> [Problem to solve]
Please return the whole listing, character for character.

[[ Supplied material, beginning ]]

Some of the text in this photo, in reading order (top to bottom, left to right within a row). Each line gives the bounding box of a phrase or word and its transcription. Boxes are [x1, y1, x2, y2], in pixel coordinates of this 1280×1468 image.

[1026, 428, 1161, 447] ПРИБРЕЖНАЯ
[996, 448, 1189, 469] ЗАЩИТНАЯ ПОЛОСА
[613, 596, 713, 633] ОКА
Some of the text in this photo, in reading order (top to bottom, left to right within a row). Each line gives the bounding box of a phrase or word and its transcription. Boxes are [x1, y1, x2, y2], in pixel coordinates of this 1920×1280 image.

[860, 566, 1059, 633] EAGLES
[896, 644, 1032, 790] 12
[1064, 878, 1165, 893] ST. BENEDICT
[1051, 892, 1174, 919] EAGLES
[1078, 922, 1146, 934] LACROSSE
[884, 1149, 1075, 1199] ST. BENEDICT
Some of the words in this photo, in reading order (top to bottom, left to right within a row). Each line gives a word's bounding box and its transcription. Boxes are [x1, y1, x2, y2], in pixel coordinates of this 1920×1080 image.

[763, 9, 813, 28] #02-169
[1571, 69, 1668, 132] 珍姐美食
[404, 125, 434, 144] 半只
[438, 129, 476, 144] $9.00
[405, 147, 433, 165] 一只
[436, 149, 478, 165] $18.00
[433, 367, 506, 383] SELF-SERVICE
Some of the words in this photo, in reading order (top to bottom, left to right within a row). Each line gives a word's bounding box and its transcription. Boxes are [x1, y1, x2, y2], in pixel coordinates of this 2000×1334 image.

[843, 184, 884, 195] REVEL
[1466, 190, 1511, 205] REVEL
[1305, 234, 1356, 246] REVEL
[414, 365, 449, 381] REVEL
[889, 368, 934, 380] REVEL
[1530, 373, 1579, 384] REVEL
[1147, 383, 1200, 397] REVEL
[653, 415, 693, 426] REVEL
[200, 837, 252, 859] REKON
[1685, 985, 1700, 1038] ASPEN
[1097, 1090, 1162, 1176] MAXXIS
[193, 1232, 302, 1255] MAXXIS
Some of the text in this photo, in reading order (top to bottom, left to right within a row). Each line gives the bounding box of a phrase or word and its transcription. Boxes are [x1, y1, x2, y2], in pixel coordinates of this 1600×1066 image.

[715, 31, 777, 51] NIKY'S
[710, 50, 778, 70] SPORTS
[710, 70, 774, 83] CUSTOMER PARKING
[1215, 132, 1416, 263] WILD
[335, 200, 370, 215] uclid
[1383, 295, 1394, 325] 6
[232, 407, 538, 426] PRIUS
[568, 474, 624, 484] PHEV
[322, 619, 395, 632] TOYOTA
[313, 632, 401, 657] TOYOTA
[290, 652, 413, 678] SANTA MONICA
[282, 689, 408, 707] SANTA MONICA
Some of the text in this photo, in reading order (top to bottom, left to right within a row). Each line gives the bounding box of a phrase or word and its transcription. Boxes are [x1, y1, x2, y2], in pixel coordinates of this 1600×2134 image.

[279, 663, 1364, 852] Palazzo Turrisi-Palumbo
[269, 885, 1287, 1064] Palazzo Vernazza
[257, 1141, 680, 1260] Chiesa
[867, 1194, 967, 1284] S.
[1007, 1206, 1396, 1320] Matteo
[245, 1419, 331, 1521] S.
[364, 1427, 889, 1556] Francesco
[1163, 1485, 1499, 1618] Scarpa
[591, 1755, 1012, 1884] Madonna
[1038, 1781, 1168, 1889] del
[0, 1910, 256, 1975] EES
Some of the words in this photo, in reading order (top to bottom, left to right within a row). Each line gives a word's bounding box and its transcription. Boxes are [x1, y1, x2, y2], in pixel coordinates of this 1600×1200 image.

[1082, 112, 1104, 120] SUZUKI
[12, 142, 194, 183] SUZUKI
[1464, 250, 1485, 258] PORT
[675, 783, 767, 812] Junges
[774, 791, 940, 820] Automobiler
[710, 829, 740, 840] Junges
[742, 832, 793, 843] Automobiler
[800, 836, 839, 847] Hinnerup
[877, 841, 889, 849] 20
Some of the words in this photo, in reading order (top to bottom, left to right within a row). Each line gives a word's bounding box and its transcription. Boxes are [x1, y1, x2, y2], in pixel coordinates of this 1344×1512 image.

[[ Supplied material, end ]]

> [Written response]
Some of the text in this photo, in reading order (top to bottom, left to right within a row). Each line gives the bounding box of a phrase or word and its transcription. Boxes are [x1, y1, x2, y2], in pixel coordinates of this 1280×1468 image.

[1026, 428, 1161, 447] ПРИБРЕЖНАЯ
[996, 448, 1189, 469] ЗАЩИТНАЯ ПОЛОСА
[613, 596, 713, 633] ОКА
Some of the text in this photo, in reading order (top to bottom, left to right within a row). Each line gives the bounding box of a phrase or word and its transcription. Boxes are [x1, y1, x2, y2], in pixel coordinates of this 1920×1280 image.

[860, 566, 1059, 633] EAGLES
[896, 644, 1032, 790] 12
[1064, 878, 1165, 893] ST. BENEDICT
[1051, 892, 1174, 919] EAGLES
[1078, 922, 1146, 934] LACROSSE
[884, 1149, 1075, 1199] ST. BENEDICT
Some of the words in this photo, in reading order (top to bottom, left to right within a row). Each line gives a word's bounding box and its transcription. Boxes are [x1, y1, x2, y2], in pixel coordinates of this 1920×1080 image.

[763, 9, 813, 28] #02-169
[1571, 69, 1668, 132] 珍姐美食
[404, 125, 434, 144] 半只
[438, 129, 476, 144] $9.00
[405, 147, 433, 165] 一只
[436, 149, 478, 165] $18.00
[433, 367, 506, 383] SELF-SERVICE
Some of the words in this photo, in reading order (top to bottom, left to right within a row). Each line gives a word's bounding box and its transcription. Boxes are [x1, y1, x2, y2], in pixel coordinates of this 2000×1334 image.

[843, 184, 884, 195] REVEL
[1466, 190, 1511, 205] REVEL
[1305, 234, 1356, 246] REVEL
[414, 365, 449, 381] REVEL
[889, 368, 934, 380] REVEL
[1530, 373, 1579, 384] REVEL
[1147, 383, 1200, 397] REVEL
[653, 415, 693, 426] REVEL
[200, 837, 252, 859] REKON
[1685, 985, 1700, 1038] ASPEN
[1097, 1090, 1162, 1176] MAXXIS
[193, 1232, 302, 1255] MAXXIS
Some of the text in this photo, in reading order (top to bottom, left to right within a row). Each line gives the bounding box of a phrase or word and its transcription. Boxes are [x1, y1, x2, y2], in pixel coordinates of this 1600×1066 image.

[715, 31, 777, 51] NIKY'S
[710, 50, 778, 70] SPORTS
[710, 70, 774, 83] CUSTOMER PARKING
[1215, 132, 1416, 263] WILD
[335, 200, 370, 215] uclid
[1383, 295, 1394, 325] 6
[232, 407, 538, 426] PRIUS
[568, 474, 624, 484] PHEV
[322, 619, 395, 632] TOYOTA
[313, 632, 401, 657] TOYOTA
[290, 652, 413, 678] SANTA MONICA
[282, 689, 408, 707] SANTA MONICA
Some of the text in this photo, in reading order (top to bottom, left to right within a row). Each line gives the bounding box of a phrase or word and its transcription. Boxes are [x1, y1, x2, y2], in pixel coordinates of this 1600×2134 image.

[279, 663, 1364, 852] Palazzo Turrisi-Palumbo
[269, 885, 1287, 1064] Palazzo Vernazza
[257, 1141, 680, 1260] Chiesa
[867, 1194, 967, 1284] S.
[1007, 1206, 1396, 1320] Matteo
[245, 1419, 331, 1521] S.
[364, 1427, 889, 1556] Francesco
[1163, 1485, 1499, 1618] Scarpa
[591, 1755, 1012, 1884] Madonna
[1038, 1781, 1168, 1889] del
[0, 1910, 256, 1975] EES
Some of the words in this photo, in reading order (top to bottom, left to right within a row). Each line gives a word's bounding box and its transcription. Boxes are [x1, y1, x2, y2], in pixel coordinates of this 1600×1200 image.

[1082, 112, 1104, 120] SUZUKI
[12, 142, 194, 183] SUZUKI
[1464, 250, 1485, 258] PORT
[675, 783, 767, 812] Junges
[774, 791, 940, 820] Automobiler
[710, 829, 740, 840] Junges
[742, 832, 793, 843] Automobiler
[800, 836, 839, 847] Hinnerup
[877, 841, 889, 849] 20
Some of the words in this photo, in reading order (top to bottom, left to right within a row). Each line gives a word's bounding box and its transcription. Boxes are [x1, y1, x2, y2], in pixel coordinates of this 1344×1512 image.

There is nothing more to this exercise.